◆ **Instructions to follow**
Please restate the data that follows word for word, with the pictures left out.

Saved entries
————————

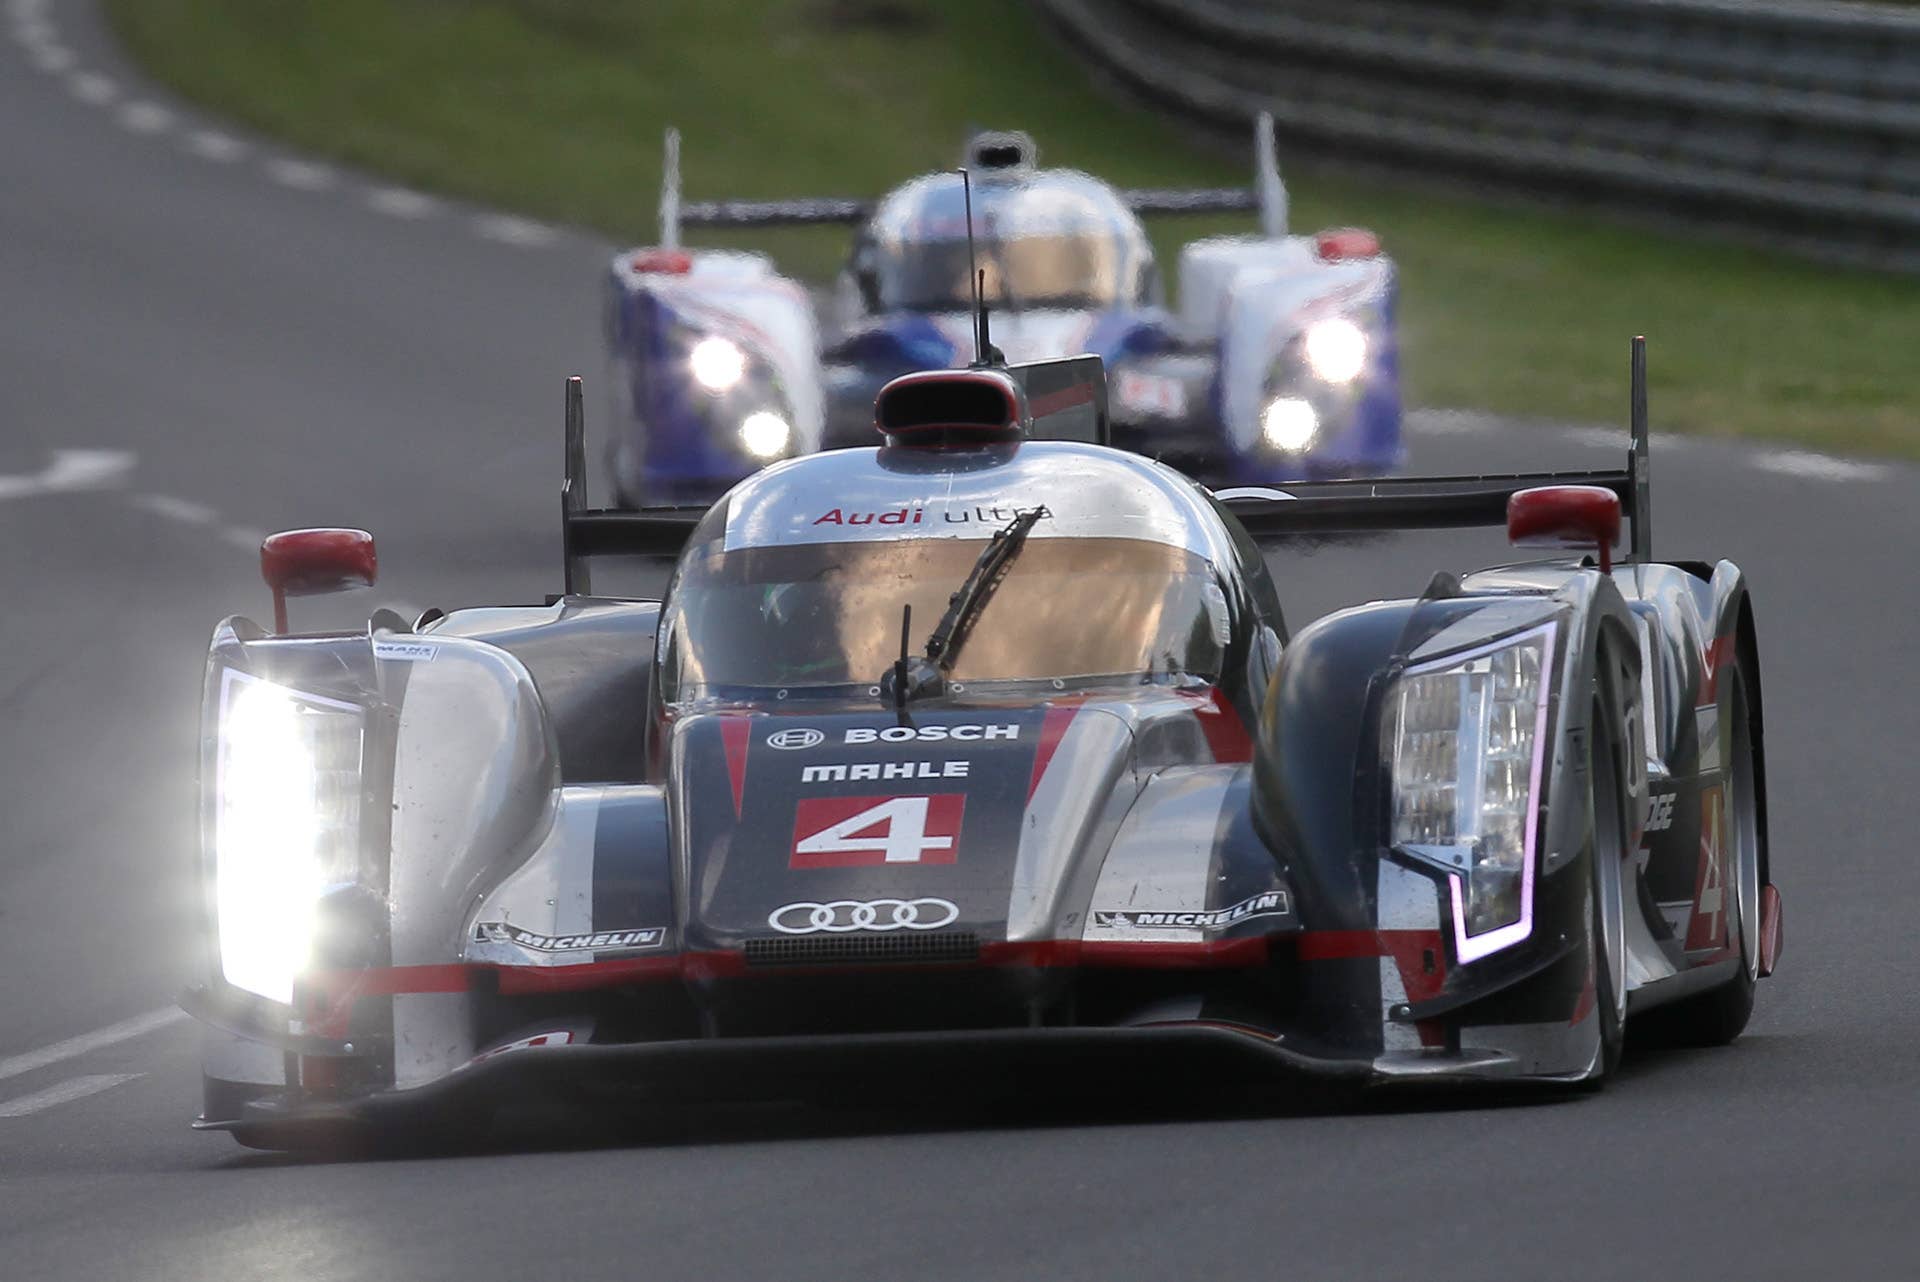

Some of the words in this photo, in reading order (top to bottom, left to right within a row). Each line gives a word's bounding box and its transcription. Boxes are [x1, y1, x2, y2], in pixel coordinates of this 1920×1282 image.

[812, 508, 923, 525] Audi
[944, 505, 1053, 524] ultra
[844, 725, 1019, 744] BOSCH
[801, 761, 969, 782] MAHLE
[1644, 793, 1677, 831] DGE
[796, 797, 953, 862] 4
[1137, 895, 1278, 925] MICHELIN
[516, 931, 657, 949] MICHELIN

————————

◆ **Reply**
Some of the words in this photo, in reading order (top to bottom, left to right within a row). Each line gives a word's bounding box and its transcription. Boxes are [x1, y1, x2, y2], in pixel coordinates of this 1920×1282 image.

[812, 508, 923, 525] Audi
[944, 505, 1053, 524] ultra
[844, 725, 1019, 744] BOSCH
[801, 761, 969, 782] MAHLE
[1644, 793, 1677, 831] DGE
[796, 797, 953, 862] 4
[1137, 895, 1278, 925] MICHELIN
[516, 931, 657, 949] MICHELIN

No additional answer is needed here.